Em junho de 2025, a Kalshi, plataforma americana de mercado de previsões, exibiu um comercial durante as finais da NBA. O anúncio custou cerca de US$ 2 mil para ser produzido e levou dois dias entre o conceito e a versão final, segundo análise da Superside sobre campanhas de IA em 2025.
O resultado acumulou mais de 3 milhões de visualizações no X.
O caso chama atenção porque mostra uma mudança que vai além de uma campanha específica: a inteligência artificial está alterando o custo, o prazo e a estrutura da produção audiovisual para marketing.
O que mudou na produção de vídeo?
O mercado de vídeo gerado por IA atingiu US$ 18,6 bilhões em 2026, segundo dados compilados pela Ngram, partindo de US$ 5,1 bilhões em 2023.
A principal transformação está no processo de produção. Com ferramentas generativas, uma equipe pode criar roteiros, imagens, cenas e diferentes versões de um anúncio sem precisar repetir todas as etapas do modelo tradicional.

Segundo os mesmos dados, o custo médio por minuto de produção caiu de aproximadamente US$ 4.500 para US$ 400 em processos assistidos por IA, enquanto o tempo necessário para produzir um vídeo de 60 segundos passou de cerca de 13 dias para menos de uma hora.
Isso muda uma parte importante da lógica de produção: testar uma ideia ficou mais barato e mais rápido.
Como Klarna e Mondelez estão usando a tecnologia?
A Klarna declarou à Reuters que a IA generativa ajudou a reduzir seus custos de marketing em US$ 10 milhões por ano. O prazo para produção de imagens também caiu de seis semanas para sete dias, segundo relatos sobre a empresa.
A Mondelez, dona da Oreo, afirmou que espera reduzir entre 30% e 50% os custos de produção de conteúdo com ferramentas de IA generativa, especialmente em criação e publicidade.
Nos dois casos, o objetivo não é eliminar a estratégia criativa.
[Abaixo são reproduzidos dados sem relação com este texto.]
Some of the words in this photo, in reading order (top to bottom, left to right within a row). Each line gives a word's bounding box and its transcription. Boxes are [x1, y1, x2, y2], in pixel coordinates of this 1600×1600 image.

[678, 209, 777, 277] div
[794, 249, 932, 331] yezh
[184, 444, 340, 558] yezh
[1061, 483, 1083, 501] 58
A tecnologia atua principalmente sobre o processo entre a ideia e o material final.
O que a IA ainda não resolve?
A principal limitação da produção audiovisual com IA continua sendo a direção criativa.
Um vídeo pode ser tecnicamente bem produzido e ainda assim não ter uma boa ideia, uma mensagem clara ou conexão com o público. A tecnologia acelera a execução, mas não determina sozinha o que merece ser produzido.
O relatório da Wyzowl de 2026 identificou que 71% dos criadores utilizam IA para primeiros rascunhos e depois fazem ajustes manualmente.
O modelo que ganha espaço, portanto, não é simplesmente substituir pessoas por ferramentas. É usar IA para acelerar etapas operacionais e reservar o julgamento humano para estratégia, direção e refinamento.
Como no storytelling, a tecnologia amplifica a direção que recebe. Uma ideia ruim produzida mais rápido continua sendo uma ideia ruim — apenas chega ao público antes.